• _Task brief_
Please set out each line below exactly as it stands, without the images.

::::::::

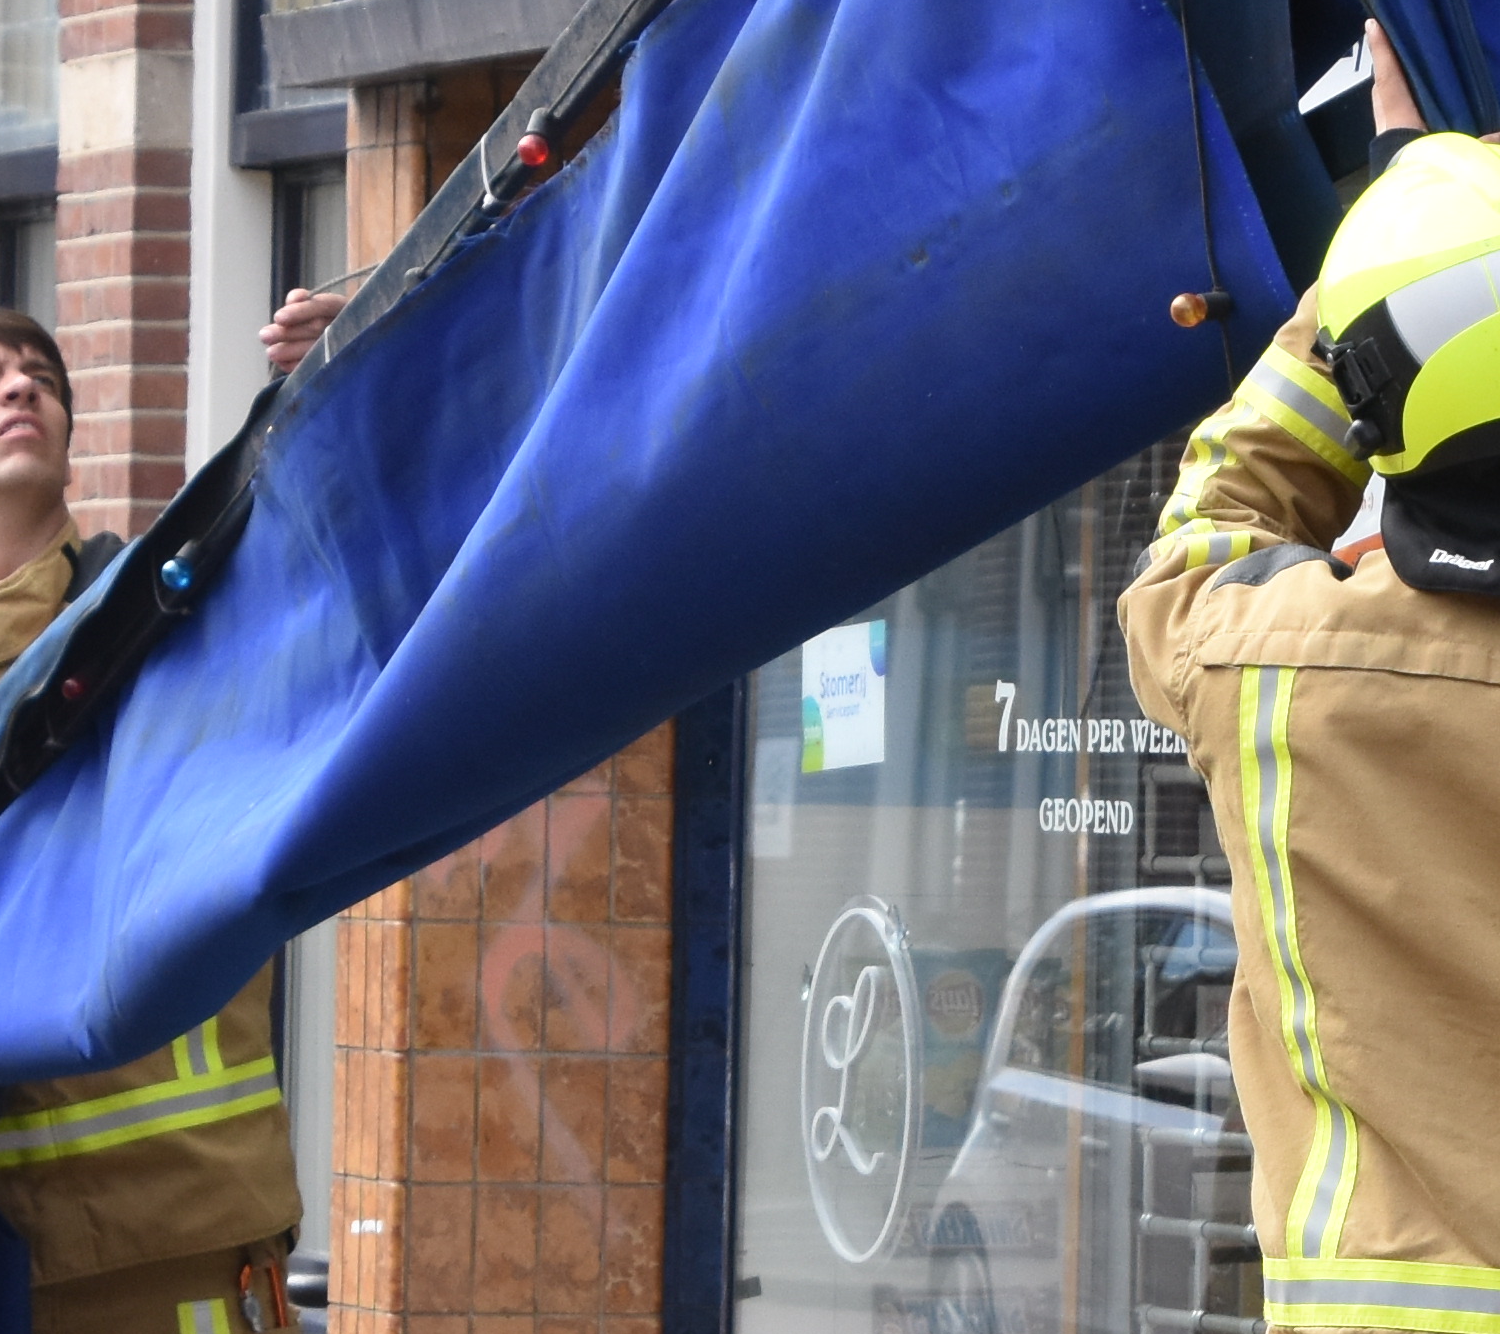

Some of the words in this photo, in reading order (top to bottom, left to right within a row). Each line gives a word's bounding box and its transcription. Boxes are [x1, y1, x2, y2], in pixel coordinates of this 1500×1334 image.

[1429, 548, 1495, 571] Dräger
[820, 666, 867, 699] Stomerij
[995, 679, 1016, 752] 7
[1016, 718, 1082, 752] DAGEN
[1086, 718, 1125, 753] PER
[1039, 798, 1134, 835] GEOPEND
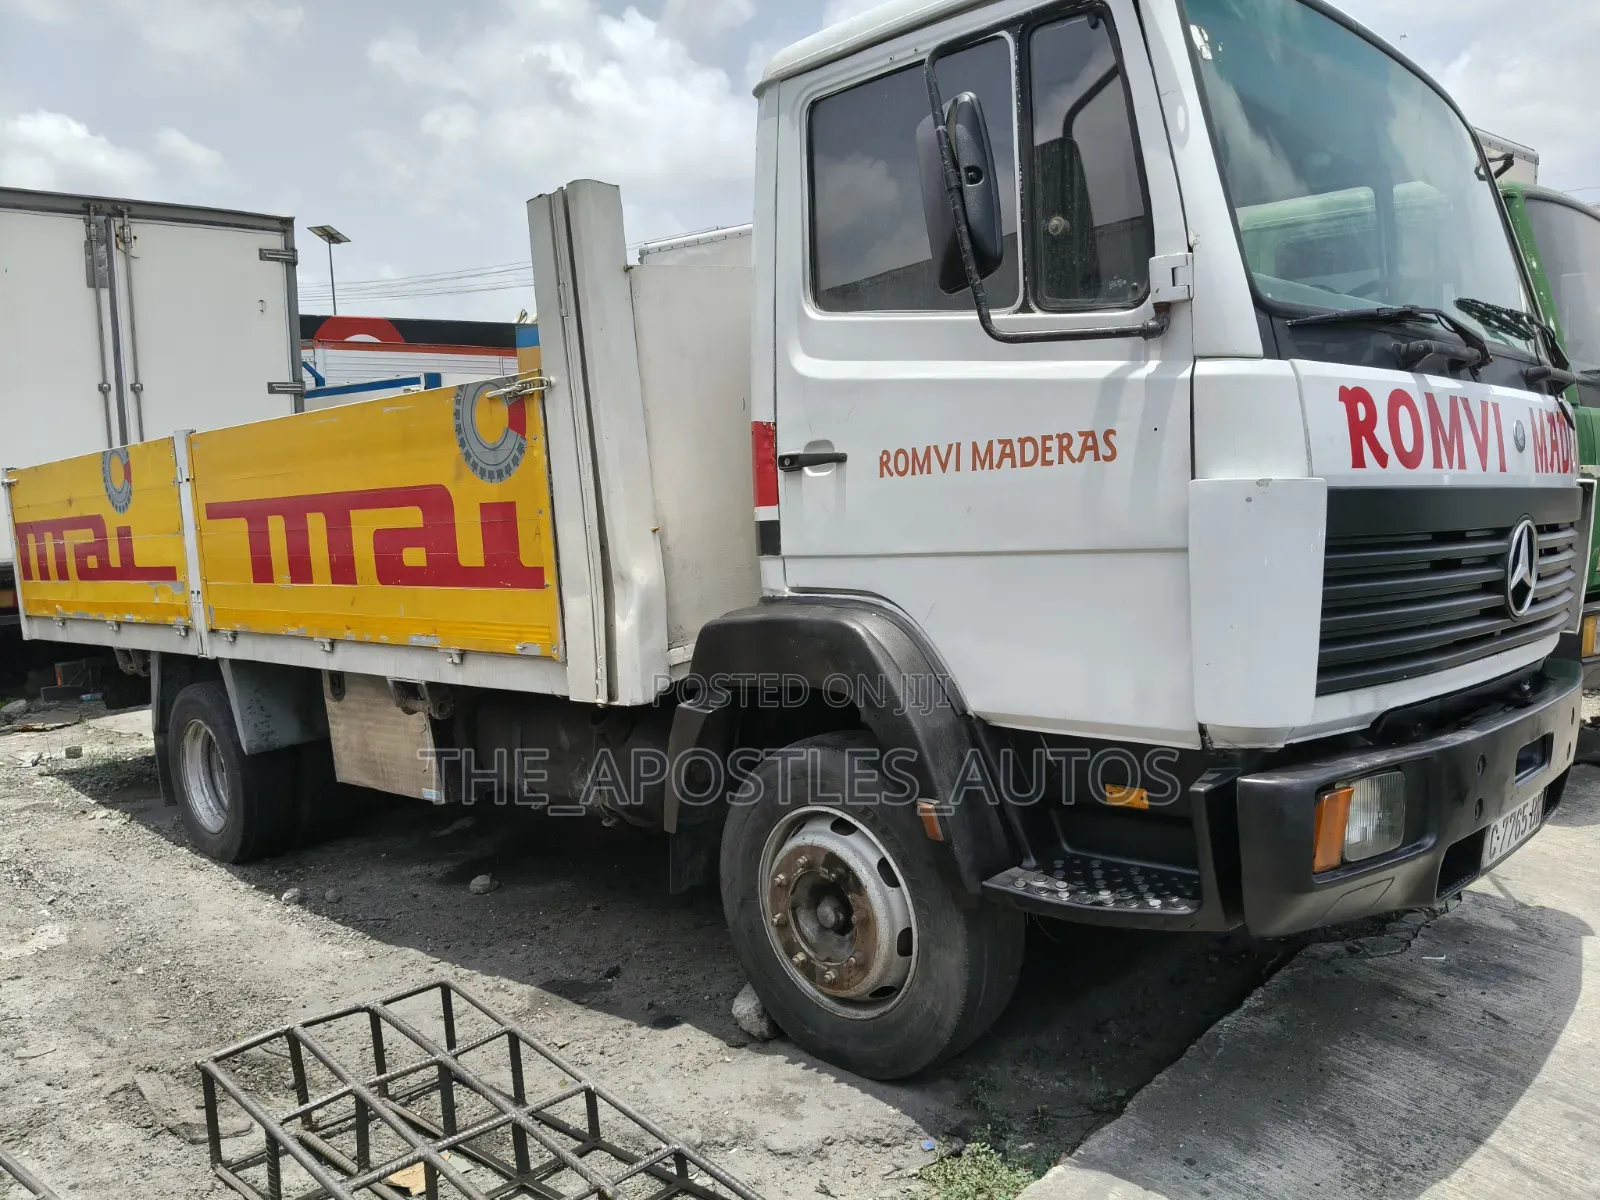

::::::::

• _Task response_
Some of the words in this photo, in reading order (top to bottom, left to right within a row). Each line gives a word's bounding box and its transcription. Boxes are [x1, y1, x2, y2], in pixel coordinates of this 1500×1334 image.

[1429, 548, 1495, 571] Dräger
[820, 666, 867, 699] Stomerij
[995, 679, 1016, 752] 7
[1016, 718, 1082, 752] DAGEN
[1086, 718, 1125, 753] PER
[1039, 798, 1134, 835] GEOPEND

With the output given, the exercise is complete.